Start of Information supplied

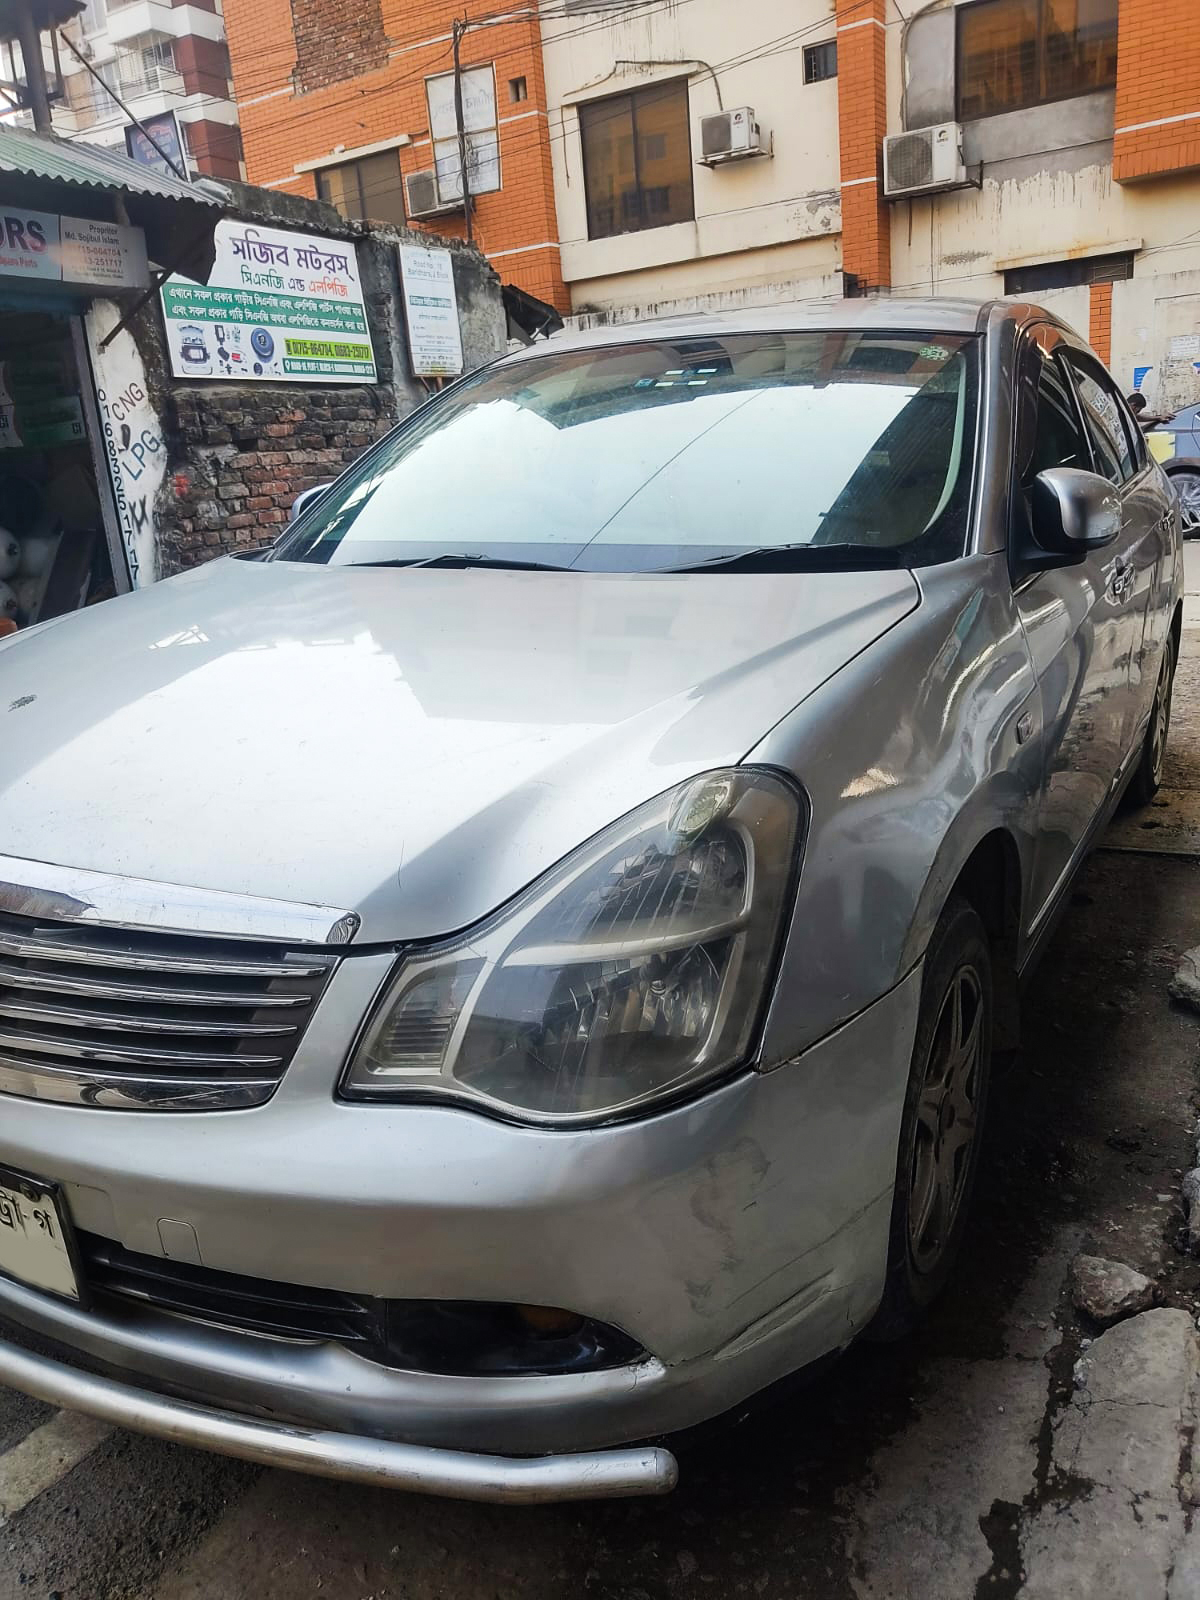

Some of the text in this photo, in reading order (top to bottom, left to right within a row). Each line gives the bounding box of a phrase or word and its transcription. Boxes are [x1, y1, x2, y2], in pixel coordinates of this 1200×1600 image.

[0, 216, 47, 256] RS
[229, 228, 289, 267] সজিব
[169, 288, 193, 300] এখানে
[193, 290, 212, 301] সকল
[213, 292, 233, 303] প্রকার
[241, 264, 349, 298] সিএনজি এন্ড এলপিজি
[172, 305, 188, 317] এবং
[188, 306, 207, 317] সকল
[208, 308, 227, 319] প্রকার
[111, 382, 145, 421] CNG
[122, 429, 162, 481] LPG
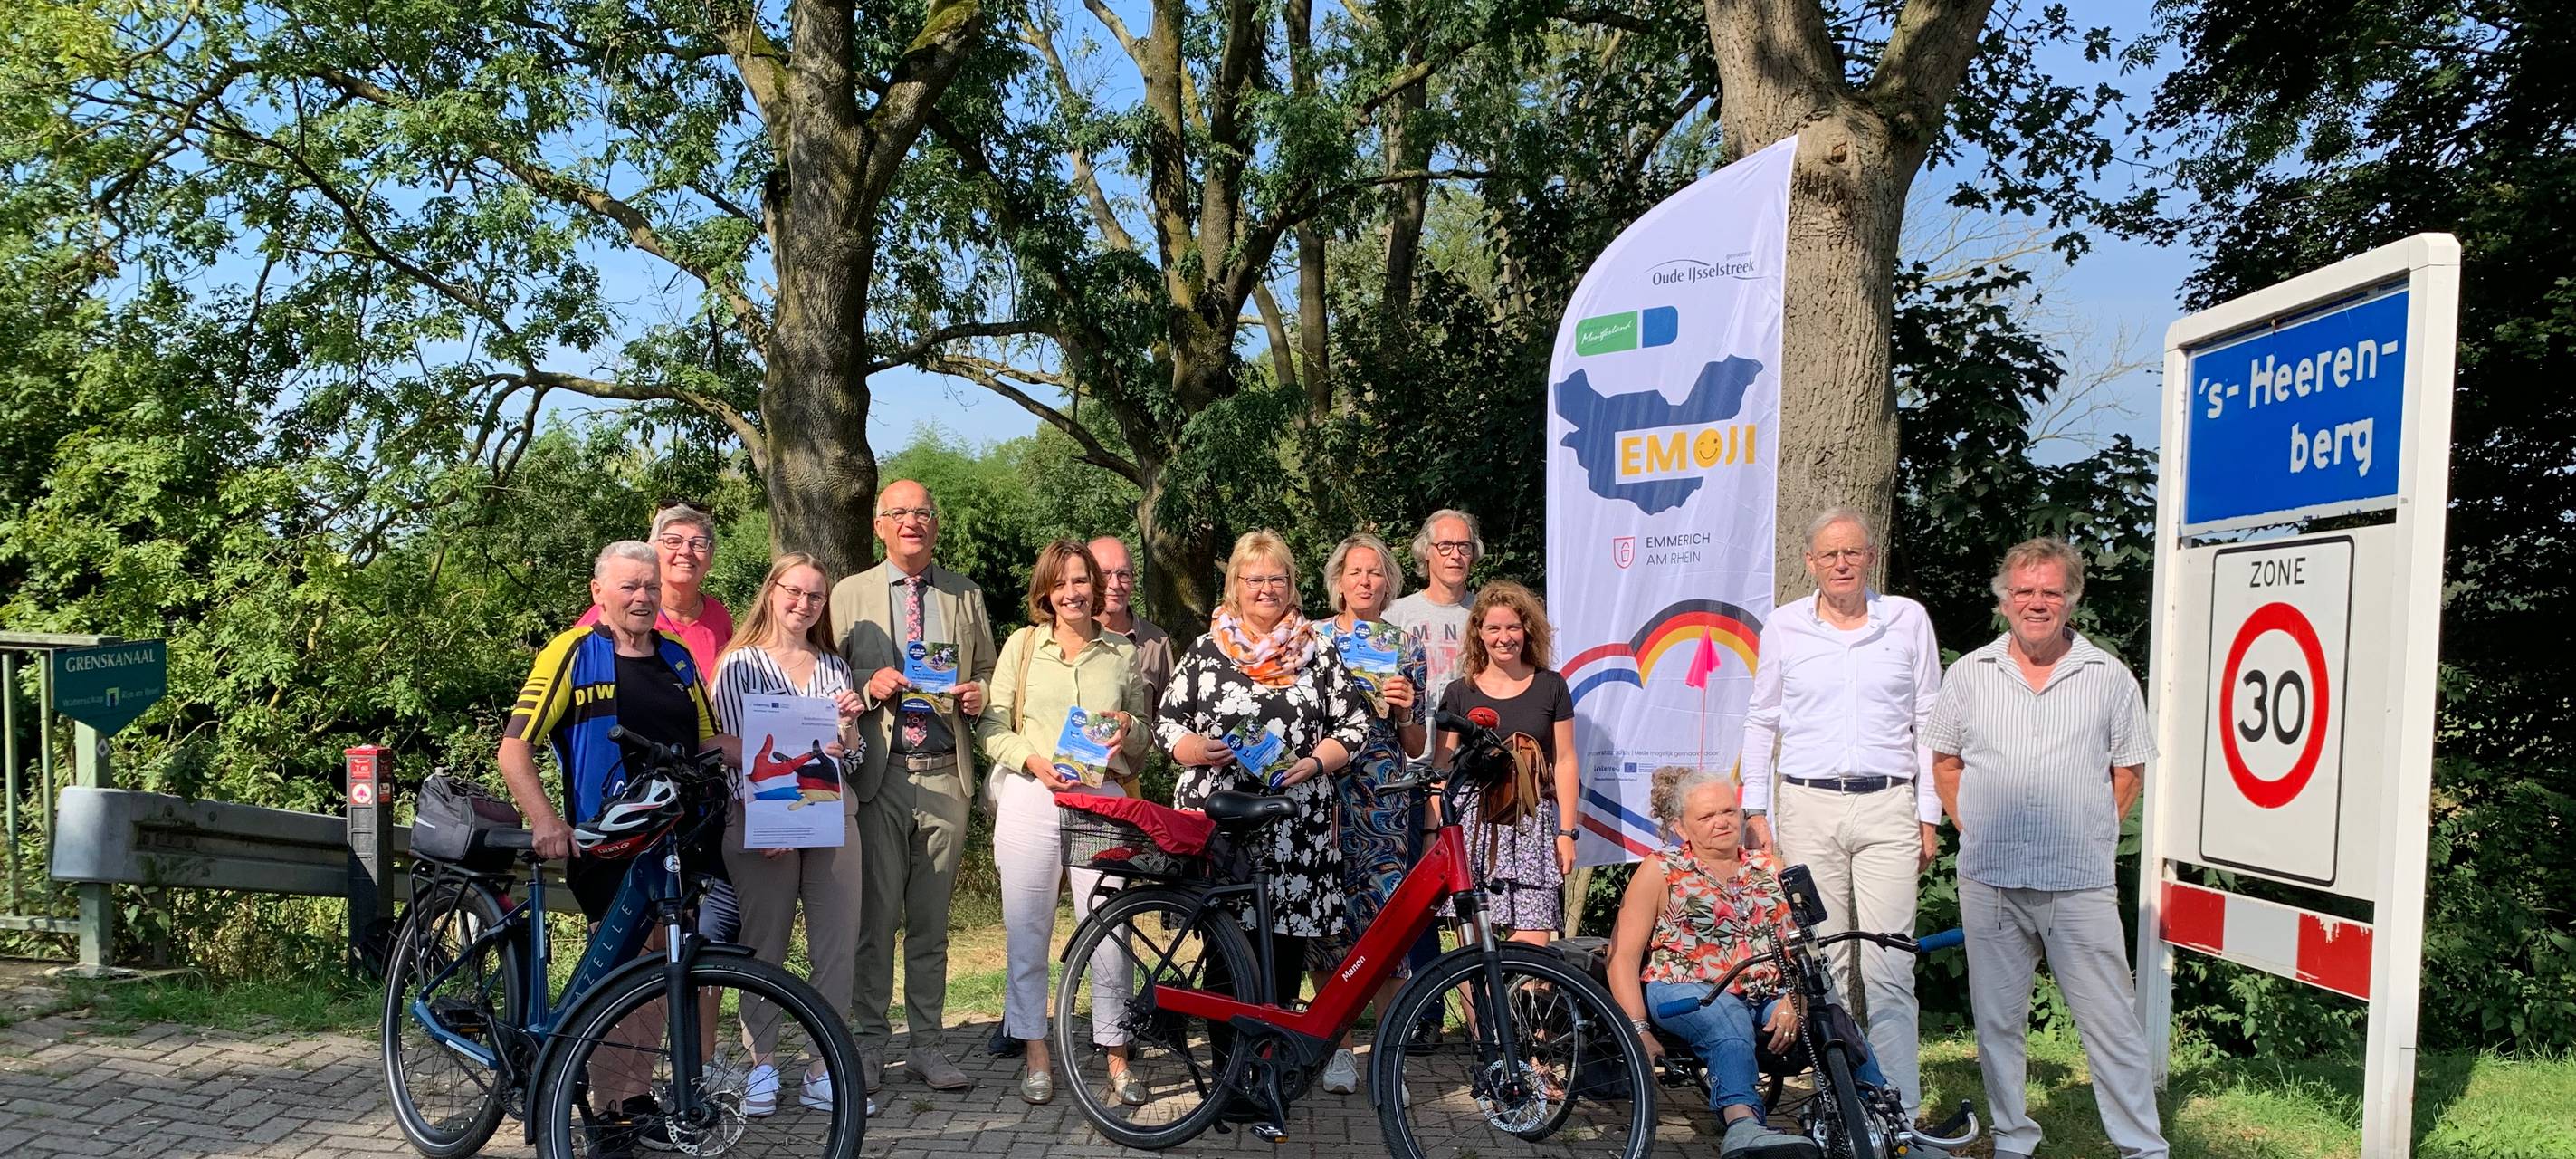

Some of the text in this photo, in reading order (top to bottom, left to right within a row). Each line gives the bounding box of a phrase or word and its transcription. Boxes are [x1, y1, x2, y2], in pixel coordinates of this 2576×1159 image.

[1653, 257, 1755, 285] Oude IJsselstreek
[1621, 424, 1757, 476] EMOJI
[2290, 417, 2374, 478] berg
[1646, 532, 1711, 548] EMMERICH
[1646, 551, 1701, 566] AM RHEIN
[2249, 557, 2306, 588] ZONE
[65, 648, 156, 672] GRENSKANAAL
[2237, 669, 2306, 746] 30
[1341, 955, 1366, 982] Manon
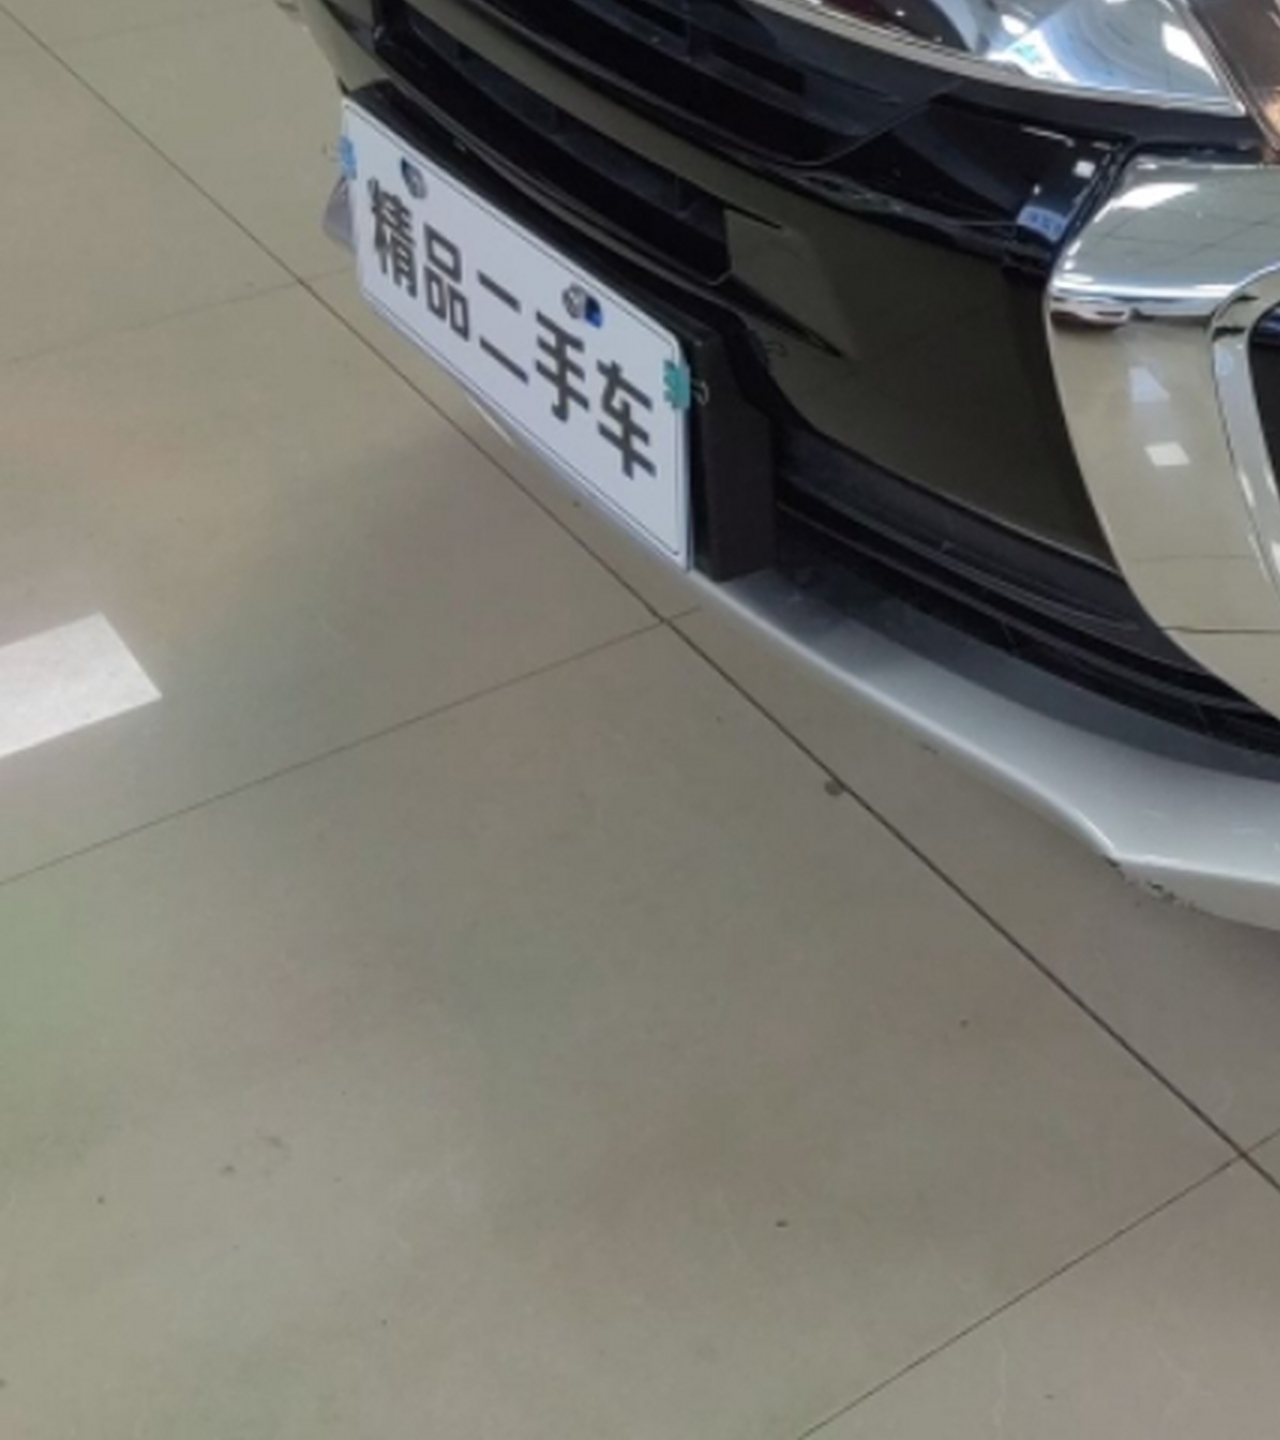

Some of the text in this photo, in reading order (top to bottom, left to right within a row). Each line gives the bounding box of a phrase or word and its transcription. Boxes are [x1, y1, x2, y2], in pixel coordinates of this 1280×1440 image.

End of Information supplied

• _Problem statement_
From the first line to the last, set down the records word for word and drop the images.

• _Task response_
Some of the text in this photo, in reading order (top to bottom, left to right within a row). Each line gives the bounding box of a phrase or word and its transcription. Boxes are [x1, y1, x2, y2], in pixel coordinates of this 1200×1600 image.

[0, 216, 47, 256] RS
[229, 228, 289, 267] সজিব
[169, 288, 193, 300] এখানে
[193, 290, 212, 301] সকল
[213, 292, 233, 303] প্রকার
[241, 264, 349, 298] সিএনজি এন্ড এলপিজি
[172, 305, 188, 317] এবং
[188, 306, 207, 317] সকল
[208, 308, 227, 319] প্রকার
[111, 382, 145, 421] CNG
[122, 429, 162, 481] LPG

Some of the text in this photo, in reading order (top to bottom, left to right within a row). Each line gives the bounding box of a phrase or word and its transcription. Boxes are [x1, y1, x2, y2], in pixel coordinates of this 2576×1159 image.

[1653, 257, 1755, 285] Oude IJsselstreek
[1621, 424, 1757, 476] EMOJI
[2290, 417, 2374, 478] berg
[1646, 532, 1711, 548] EMMERICH
[1646, 551, 1701, 566] AM RHEIN
[2249, 557, 2306, 588] ZONE
[65, 648, 156, 672] GRENSKANAAL
[2237, 669, 2306, 746] 30
[1341, 955, 1366, 982] Manon

Some of the text in this photo, in reading order (top to bottom, left to right within a row). Each line gives the bounding box of a phrase or word and its transcription. Boxes are [x1, y1, x2, y2], in pixel coordinates of this 1280×1440 image.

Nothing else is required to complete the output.